Neonatal jaundice is a common condition, caused by high levels of bilirubin in a newborn’s bloodstream. It’s easily treatable with phototherapy, and the American Academy of Pediatrics (AAP) has established clear guidelines for the levels at which treatment is indicated. However, in recent years physicians commonly prescribe phototherapy for babies with bilirubin levels that, while high, are lower than the AAP’s recommended threshold for treatment.
“The reason for this is to save parents from having to return to the hospital for phototherapy later, in the event that bilirubin levels continue to rise,” says Dr. Wickremasinghe. “But no research had been done on the effectiveness of subthreshold phototherapy at preventing hospital readmissions.”
So Dr. Wickremasinghe collaborated with the KP Division of Research to conduct a 5-year cohort study in KP Northern California of nearly 26,000 newborns born at 35 or more weeks’ gestation with bilirubin levels just below the threshold. She found that 19% of them received subthreshold phototherapy, with a 5% readmission rate, compared to a 13% readmission rate in the group that did not receive subthreshold treatment.
“Although subthreshold phototherapy during birth hospitalization decreases readmissions, we found for each readmission prevented, many newborns receive phototherapy who would otherwise not need it,” says Dr. Wickremasinghe, whose findings were published in JAMA Pediatrics in 2018. “It also increases birth hospitalization length of stay by an average of 22 hours.”

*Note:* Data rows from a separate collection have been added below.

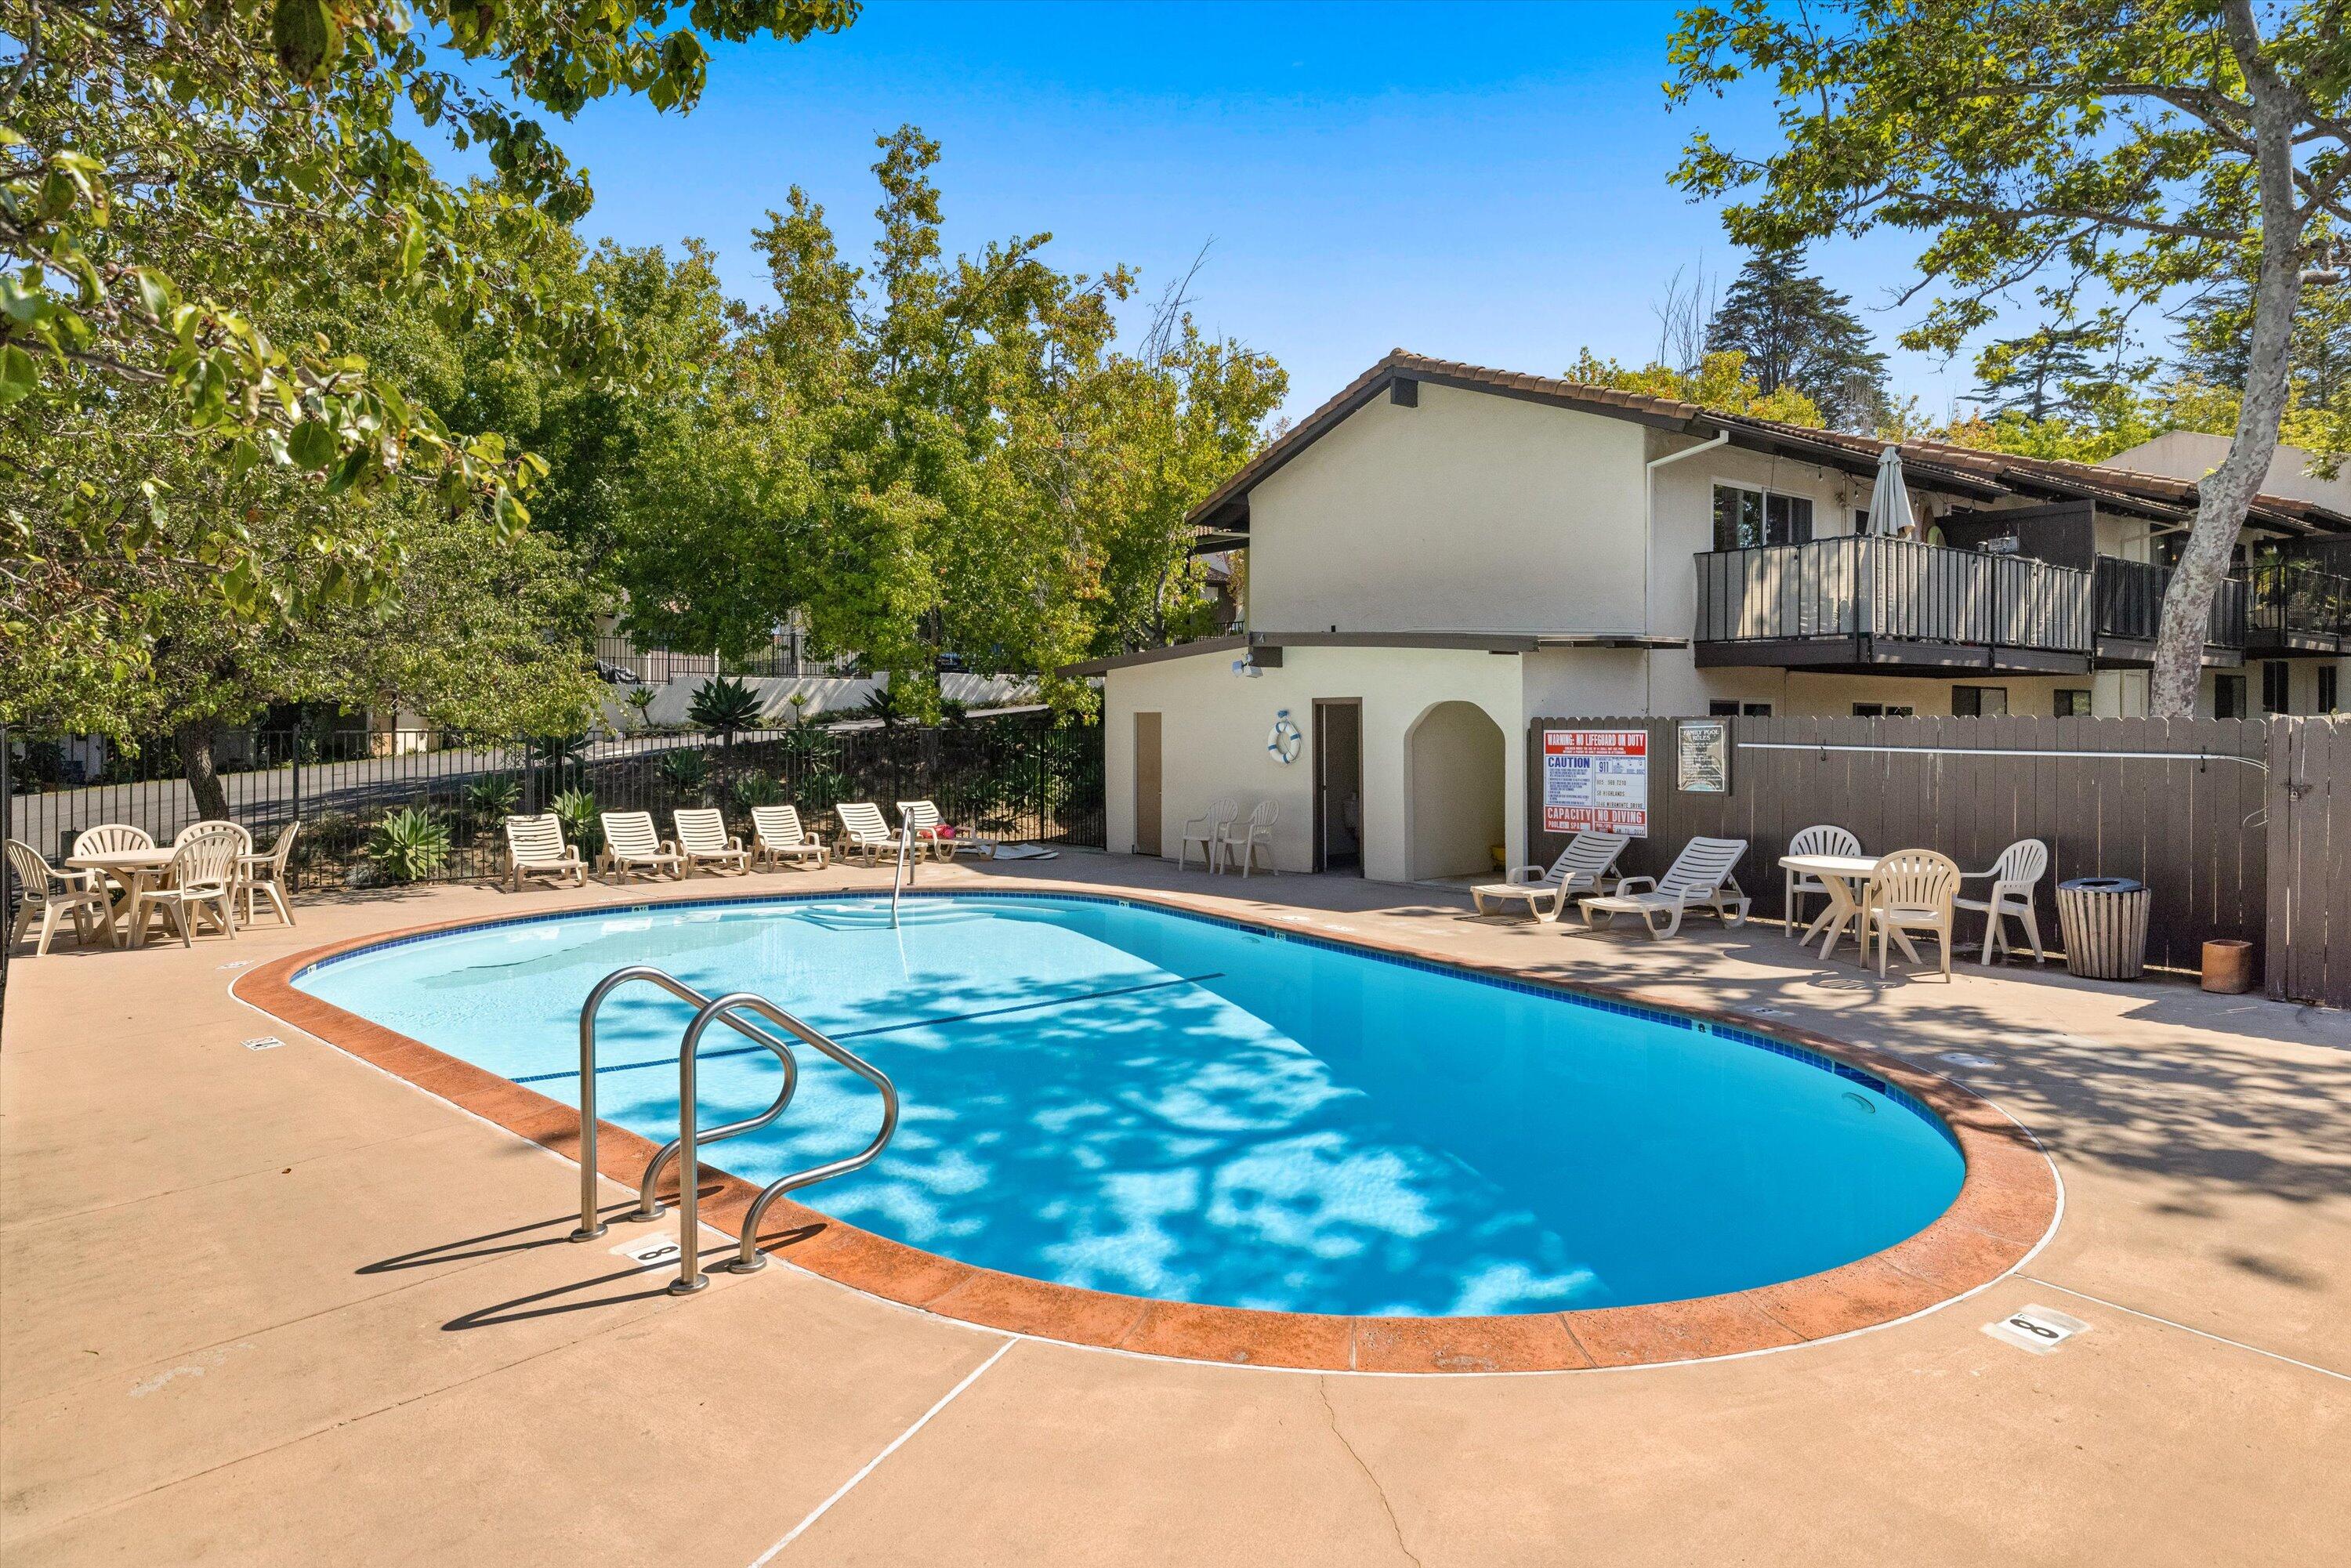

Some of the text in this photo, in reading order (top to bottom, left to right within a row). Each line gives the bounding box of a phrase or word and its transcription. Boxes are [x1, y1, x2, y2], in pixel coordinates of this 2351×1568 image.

[1548, 733, 1644, 747] WARNING: NO LIFEGUARD ON DUTY
[1549, 757, 1590, 768] CAUTION
[1599, 762, 1609, 773] 911
[1547, 808, 1592, 820] CAPACITY
[1597, 809, 1643, 824] NO DIVING
[638, 1246, 679, 1260] 8
[2009, 1319, 2059, 1338] 8
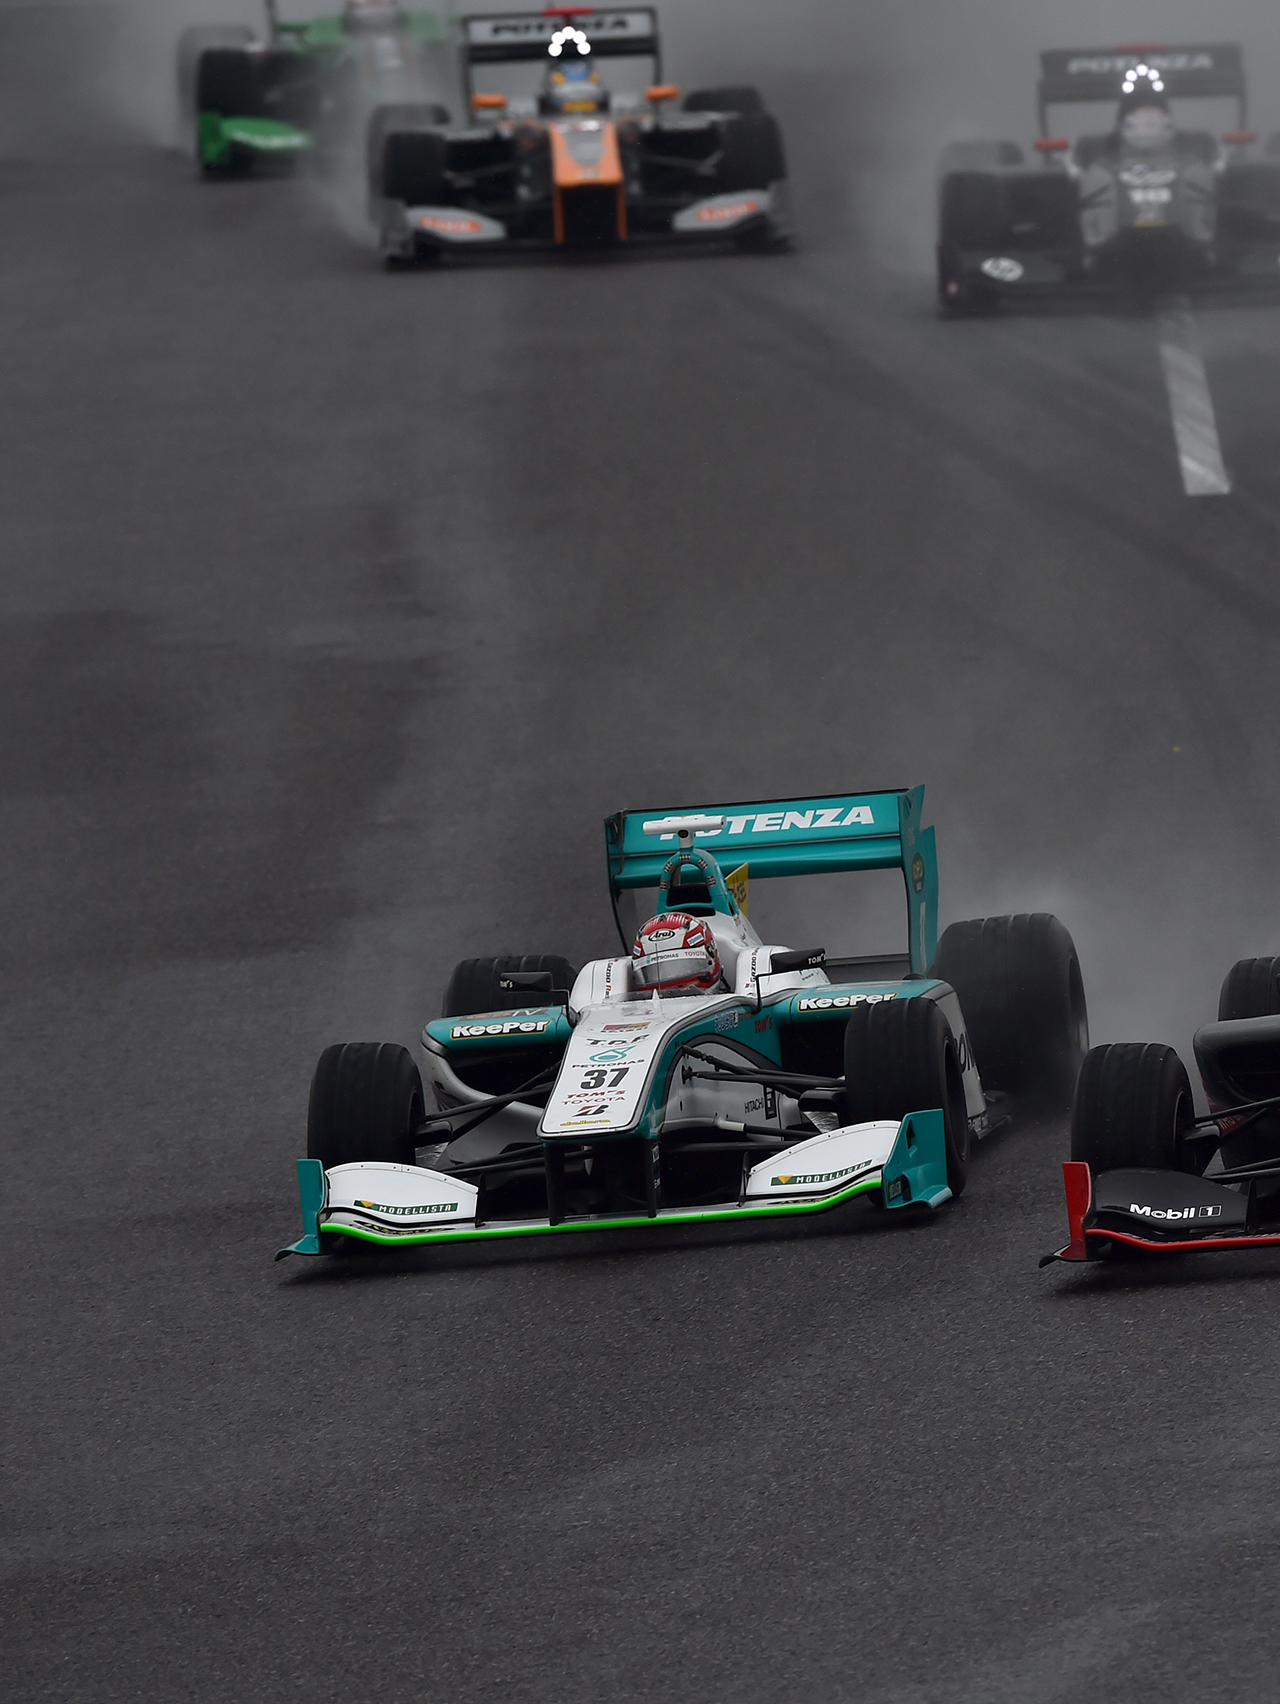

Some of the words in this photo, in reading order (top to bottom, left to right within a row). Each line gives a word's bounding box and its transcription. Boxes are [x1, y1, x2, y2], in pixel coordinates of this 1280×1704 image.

[659, 805, 875, 841] TENZA
[453, 1021, 550, 1037] KeePer
[572, 1059, 645, 1069] PETRONAS
[580, 1067, 630, 1090] 37
[562, 1097, 626, 1106] TOYOTA
[796, 1162, 867, 1184] MODELLISTA
[379, 1203, 452, 1215] MODELLISTA
[1129, 1203, 1196, 1220] Mobil
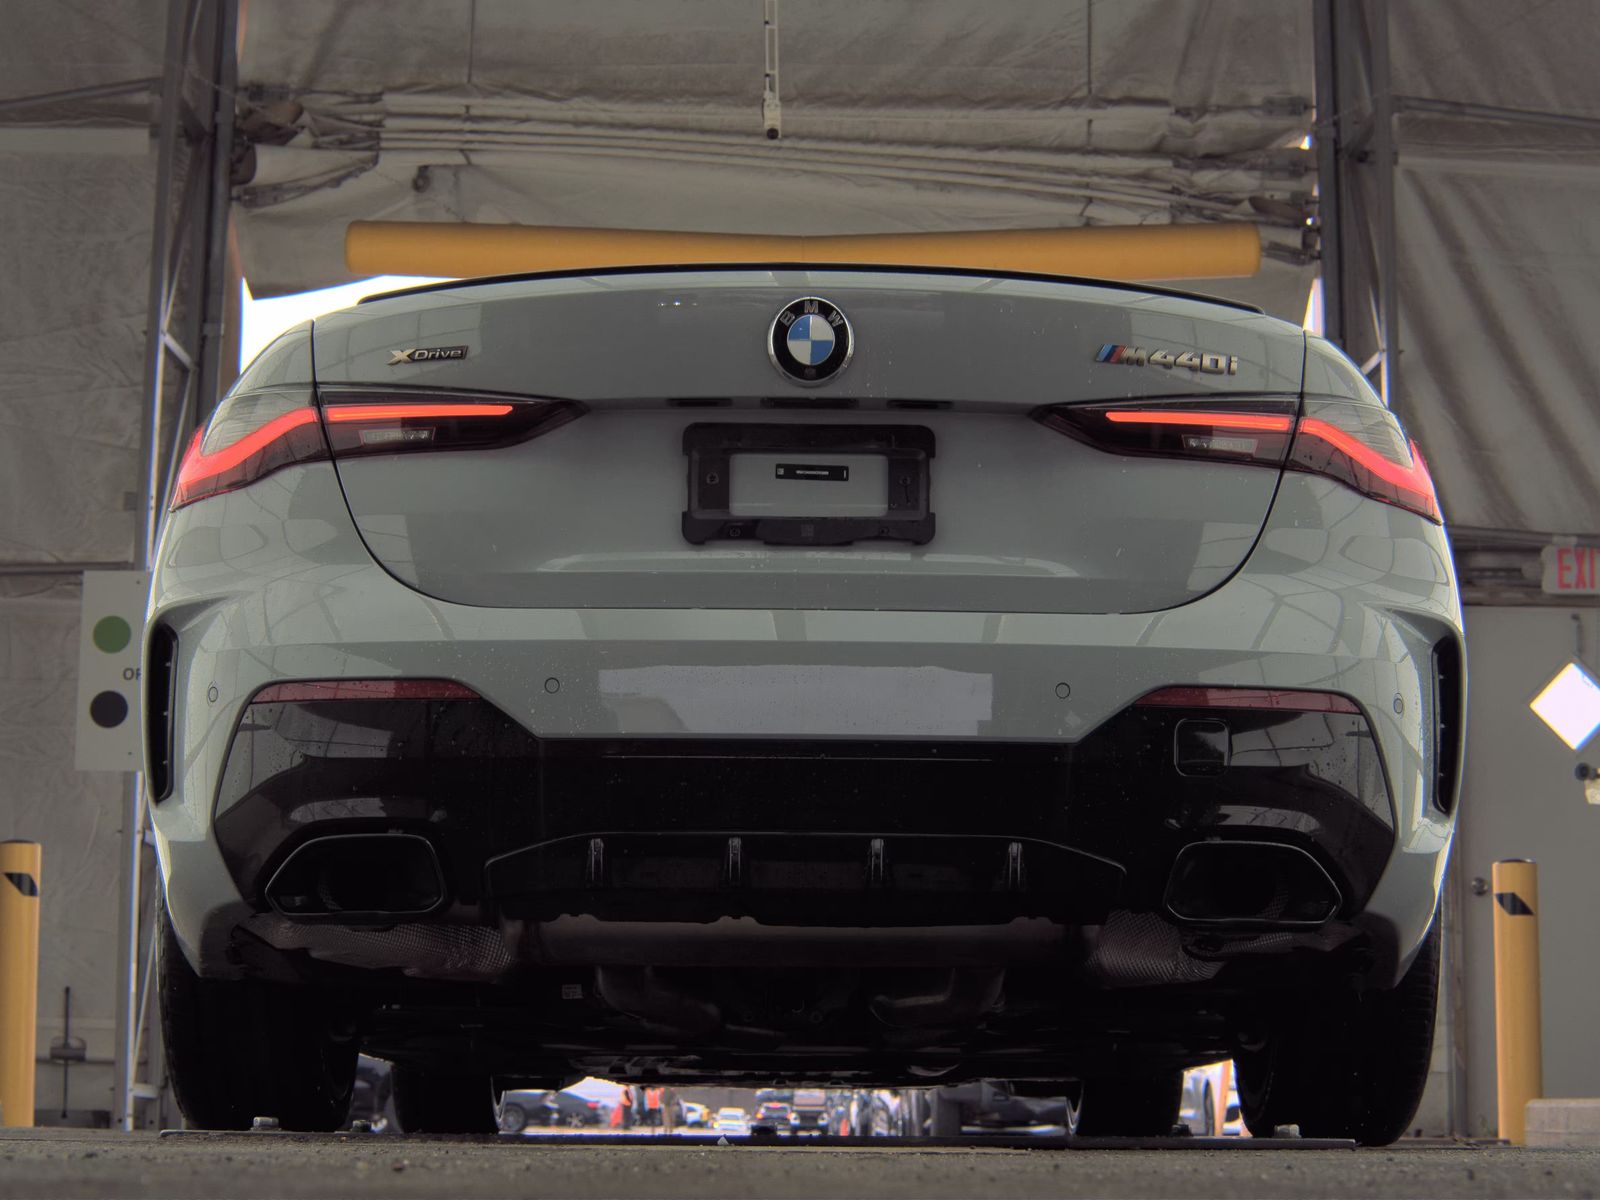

“Dr. Wickremasinghe’s research enables physicians to better educate families on the risks and benefits of subthreshold phototherapy, and to advocate for deferring treatment when appropriate,” says Betty Suh-Burgmann, MD, chair of the Central Research Committee. “The study helps us to know how to best balance the desire to reduce readmission with the desire to avoid unnecessary treatment.”